Directions for this task: Your answer must match the data word for word.

Saved entries
▬▬▬▬▬▬▬▬▬▬
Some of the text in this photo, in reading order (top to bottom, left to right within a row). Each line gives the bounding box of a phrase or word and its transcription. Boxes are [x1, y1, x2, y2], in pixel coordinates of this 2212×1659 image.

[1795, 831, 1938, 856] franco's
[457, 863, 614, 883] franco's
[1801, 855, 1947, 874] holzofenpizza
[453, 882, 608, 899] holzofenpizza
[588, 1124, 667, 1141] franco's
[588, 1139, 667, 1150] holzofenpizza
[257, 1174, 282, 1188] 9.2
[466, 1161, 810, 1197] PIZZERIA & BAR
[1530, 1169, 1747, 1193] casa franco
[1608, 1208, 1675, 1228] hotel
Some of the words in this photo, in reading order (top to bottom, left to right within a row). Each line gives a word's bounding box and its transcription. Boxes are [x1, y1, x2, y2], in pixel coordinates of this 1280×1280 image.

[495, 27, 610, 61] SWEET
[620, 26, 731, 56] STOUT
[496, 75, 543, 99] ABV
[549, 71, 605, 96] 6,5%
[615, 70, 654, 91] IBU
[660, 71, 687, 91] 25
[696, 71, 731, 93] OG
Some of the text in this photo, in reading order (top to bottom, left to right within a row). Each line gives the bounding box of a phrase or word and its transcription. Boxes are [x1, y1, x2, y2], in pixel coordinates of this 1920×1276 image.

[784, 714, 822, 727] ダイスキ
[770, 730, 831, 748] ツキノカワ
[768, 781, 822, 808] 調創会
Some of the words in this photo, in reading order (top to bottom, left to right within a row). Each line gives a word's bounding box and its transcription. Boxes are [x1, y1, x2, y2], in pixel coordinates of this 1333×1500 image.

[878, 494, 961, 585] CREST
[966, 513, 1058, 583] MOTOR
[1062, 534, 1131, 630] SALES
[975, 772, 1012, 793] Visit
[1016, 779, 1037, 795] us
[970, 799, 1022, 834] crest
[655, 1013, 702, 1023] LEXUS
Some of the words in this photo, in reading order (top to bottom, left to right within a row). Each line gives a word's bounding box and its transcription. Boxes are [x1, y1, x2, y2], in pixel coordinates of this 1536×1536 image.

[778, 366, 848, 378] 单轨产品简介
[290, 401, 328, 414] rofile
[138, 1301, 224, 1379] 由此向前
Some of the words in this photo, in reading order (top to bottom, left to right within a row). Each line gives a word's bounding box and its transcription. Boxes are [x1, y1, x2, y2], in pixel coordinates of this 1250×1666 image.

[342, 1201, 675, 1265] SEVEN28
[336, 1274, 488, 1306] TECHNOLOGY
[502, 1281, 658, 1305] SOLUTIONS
▬▬▬▬▬▬▬▬▬▬
Expected answer:
Some of the text in this photo, in reading order (top to bottom, left to right within a row). Each line gives the bounding box of a phrase or word and its transcription. Boxes are [x1, y1, x2, y2], in pixel coordinates of this 2212×1659 image.

[1795, 831, 1938, 856] franco's
[457, 863, 614, 883] franco's
[1801, 855, 1947, 874] holzofenpizza
[453, 882, 608, 899] holzofenpizza
[588, 1124, 667, 1141] franco's
[588, 1139, 667, 1150] holzofenpizza
[257, 1174, 282, 1188] 9.2
[466, 1161, 810, 1197] PIZZERIA & BAR
[1530, 1169, 1747, 1193] casa franco
[1608, 1208, 1675, 1228] hotel
Some of the words in this photo, in reading order (top to bottom, left to right within a row). Each line gives a word's bounding box and its transcription. Boxes are [x1, y1, x2, y2], in pixel coordinates of this 1280×1280 image.

[495, 27, 610, 61] SWEET
[620, 26, 731, 56] STOUT
[496, 75, 543, 99] ABV
[549, 71, 605, 96] 6,5%
[615, 70, 654, 91] IBU
[660, 71, 687, 91] 25
[696, 71, 731, 93] OG
Some of the text in this photo, in reading order (top to bottom, left to right within a row). Each line gives the bounding box of a phrase or word and its transcription. Boxes are [x1, y1, x2, y2], in pixel coordinates of this 1920×1276 image.

[784, 714, 822, 727] ダイスキ
[770, 730, 831, 748] ツキノカワ
[768, 781, 822, 808] 調創会
Some of the words in this photo, in reading order (top to bottom, left to right within a row). Each line gives a word's bounding box and its transcription. Boxes are [x1, y1, x2, y2], in pixel coordinates of this 1333×1500 image.

[878, 494, 961, 585] CREST
[966, 513, 1058, 583] MOTOR
[1062, 534, 1131, 630] SALES
[975, 772, 1012, 793] Visit
[1016, 779, 1037, 795] us
[970, 799, 1022, 834] crest
[655, 1013, 702, 1023] LEXUS
Some of the words in this photo, in reading order (top to bottom, left to right within a row). Each line gives a word's bounding box and its transcription. Boxes are [x1, y1, x2, y2], in pixel coordinates of this 1536×1536 image.

[778, 366, 848, 378] 单轨产品简介
[290, 401, 328, 414] rofile
[138, 1301, 224, 1379] 由此向前
Some of the words in this photo, in reading order (top to bottom, left to right within a row). Each line gives a word's bounding box and its transcription. Boxes are [x1, y1, x2, y2], in pixel coordinates of this 1250×1666 image.

[342, 1201, 675, 1265] SEVEN28
[336, 1274, 488, 1306] TECHNOLOGY
[502, 1281, 658, 1305] SOLUTIONS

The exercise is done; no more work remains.